Most neutral political handicappers see Republicans on the losing end of this fight.
Republican-held seats in Colorado and Arizona seem lost. Maine’s Susan Collins (R) and North Carolina’s Thom Tillis (R) are both slight underdogs heading into Election Day. The Iowa race between Sen. Joni Ernst (R) and Theresa Greenfield (D) seems like the purest toss-up on the board. Both Georgia races as well as Montana, South Carolina and Kansas are also considered competitive.
Democrats are likely to lose only one seat: Alabama Sen. Doug Jones (D) seems headed for defeat.
4. It’s (still) the coronavirus election:
While Trump continues to sell a false idea about the state of our fight against the virus, even some of his most loyal allies are admitting that things are not as he claims them to be.
Trump’s isolation — from facts and even some of his own closest political allies — on Covid-19 is clear. And if he loses on Tuesday — as seems likely — that defeat will rightly be laid at the feet of his botched handling of this pandemic.
3. The early vote is the story:
It’s impossible to overstate just how stunning the early vote numbers we are seeing across the country actually are.
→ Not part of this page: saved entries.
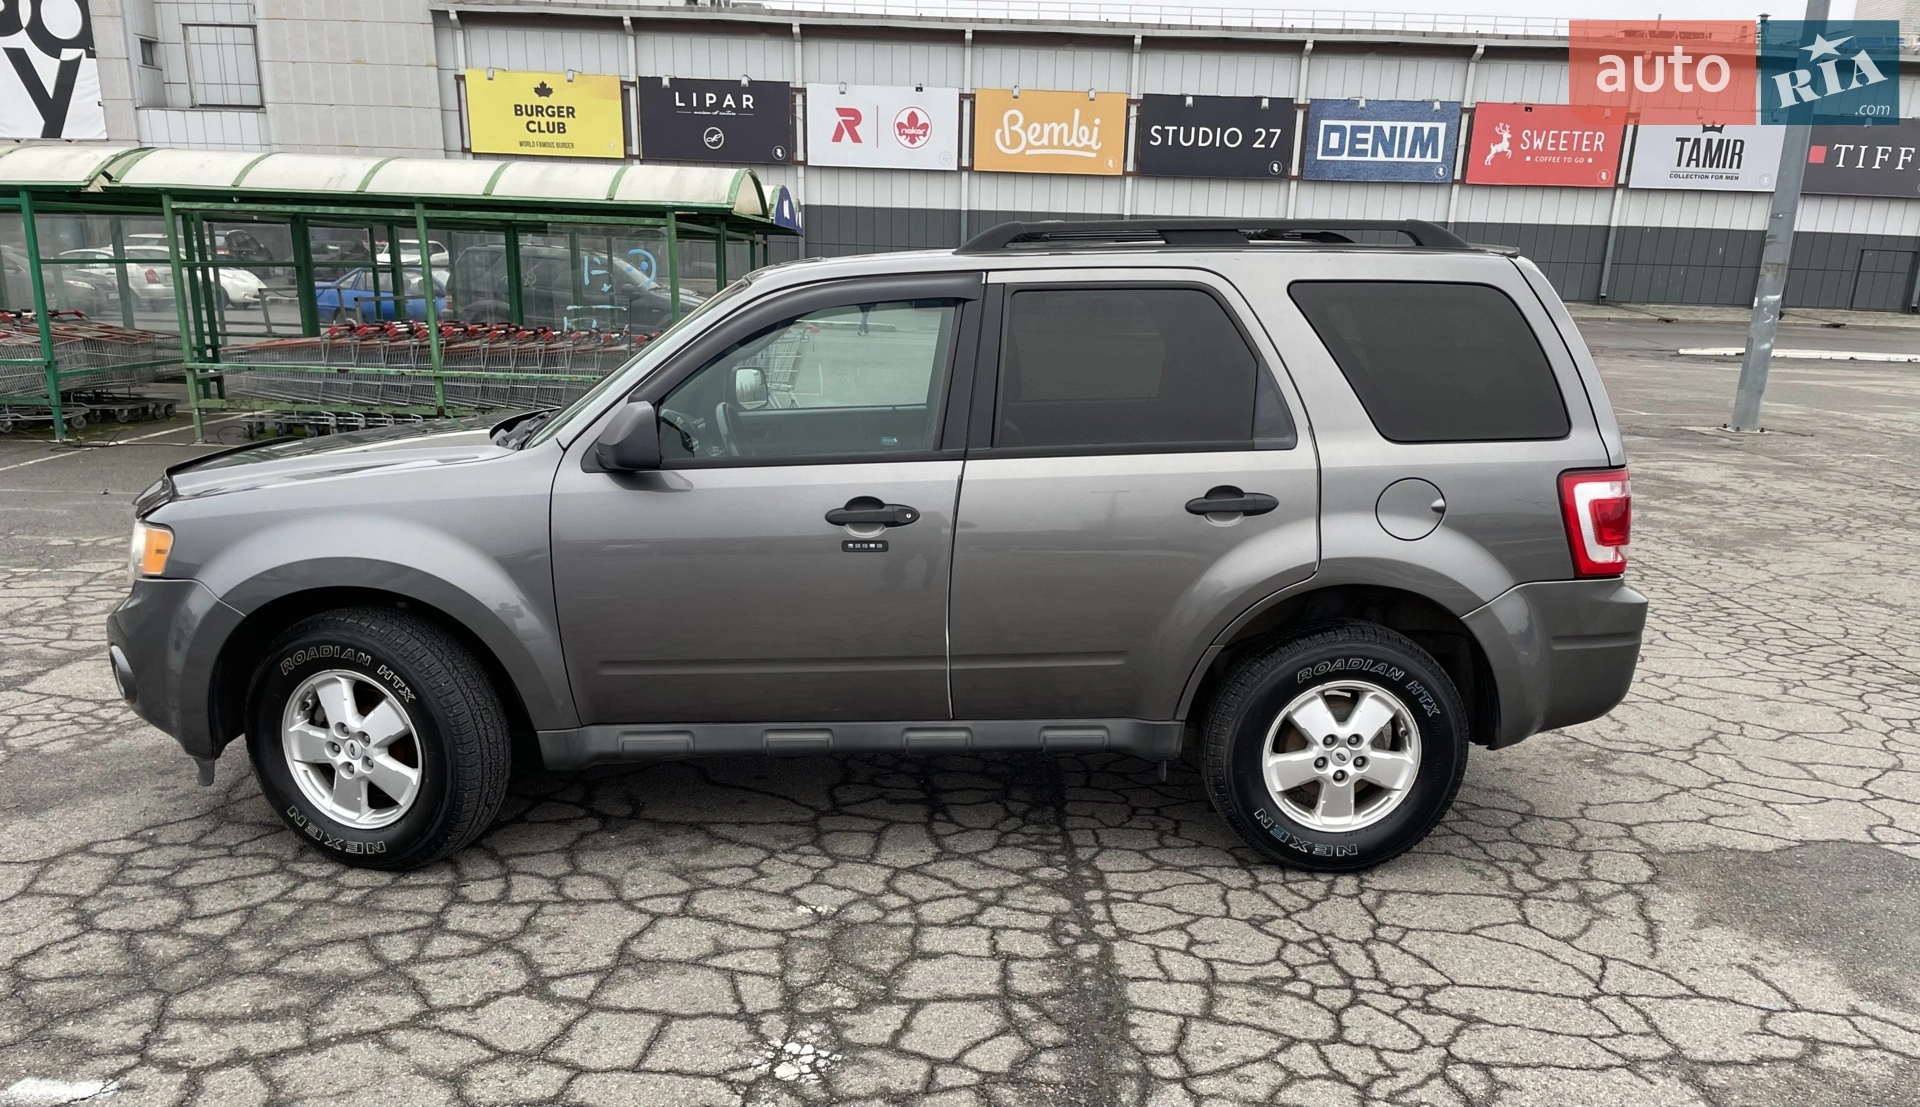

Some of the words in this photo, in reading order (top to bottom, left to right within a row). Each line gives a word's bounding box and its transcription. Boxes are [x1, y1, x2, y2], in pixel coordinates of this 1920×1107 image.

[513, 104, 576, 119] BURGER
[675, 91, 754, 109] LIPAR
[526, 120, 567, 134] CLUB
[994, 108, 1102, 155] Bembi
[1150, 125, 1243, 148] STUDIO
[1252, 128, 1282, 149] 27
[1520, 129, 1605, 152] SWEETER
[519, 140, 536, 148] WORLD
[536, 141, 555, 149] FAMOUS
[1321, 124, 1440, 159] DENIM
[1675, 137, 1746, 169] TAMIR
[1534, 155, 1561, 163] COFFEE
[1833, 143, 1920, 171] TIFF
[280, 645, 372, 676] ROADIAN
[377, 664, 416, 703] HTX
[1297, 658, 1405, 684] ROADIAN
[1405, 680, 1441, 718] HTX
[287, 805, 387, 855] NEXEN
[1254, 808, 1358, 857] NEXEN
In both Texas and Hawaii, more people have voted early in 2020 than voted in total in 2016. And 35 states (and Washington, DC) have crossed their halfway marks for total 2016 ballots cast, including 13 of CNN’s 16 most competitively ranked states — Texas, Georgia, North Carolina, Nevada, Florida, Arizona, Colorado, Wisconsin, Maine, Iowa, Michigan, Minnesota and Nebraska.
Given the polling that suggests Democrats are far more likely than Republicans to vote early, those huge early vote numbers should give former Vice President Joe Biden a lead among banked votes prior to Tuesday.
The question then becomes whether Trump’s turnout operation can match the high numbers we’ve seen in early voting. (Trump’s team has invested heavily in day-of turnout operations while Biden’s side leaned toward an early vote emphasis.)
2. Joe Biden’s easiest path to victory:
Unlike President Donald Trump, who has a very narrow set of paths (path?) to get to 270 electoral votes (see below), Joe Biden has a slew of ways to get to that magic number.
Here’s his easiest route to the presidency.
Start with the 203 electoral votes that are regarded as solidly in Biden’s camp. Then give him Nevada (6 electoral votes) and Colorado (9) where demographics are trending hard away from Trump’s version of conservatism. That’s 218 electoral votes.
Which brings us to Pennsylvania and its 20 electoral votes. If Biden wins the state where he was born, that’s 274 electoral votes — and the White House.
Such a scenario would allow Biden to lose Florida, Georgia, Texas, Arizona, Iowa and Ohio and still be elected president. Like I said, he’s got a lot of paths to the White House.
1. Donald Trump’s only(?) path to victory:
President Trump is, without question, an underdog — and a clear one — going into Tuesday’s election. But, a long shot is not a no shot.
And there is a somewhat plausible — emphasis on “somewhat” — electoral map that gets him to 270 electoral votes and a second term.
Here’s how: Give Trump the 125 electoral votes that are solidly in his camp, centered in the upper Plains states and the South.
Then give him battleground states that have traditionally favored Republicans at the presidential level: Texas (38 electoral votes), Georgia (16), Ohio (18) and Arizona (11). That gets Trump to 208 electoral votes.
No Republican has won the White House in nearly a century without winning Florida, and for Trump to win he needs the Sunshine State — and its 29 electoral votes — too. Which gets Trump to 237 total.
Yes, the above scenario has a lot of “ifs” in it. And would require Trump to pull the sort of inside straight he did four years ago. But it isn’t impossible to imagine it happening — even if it’s far from the likeliest scenario.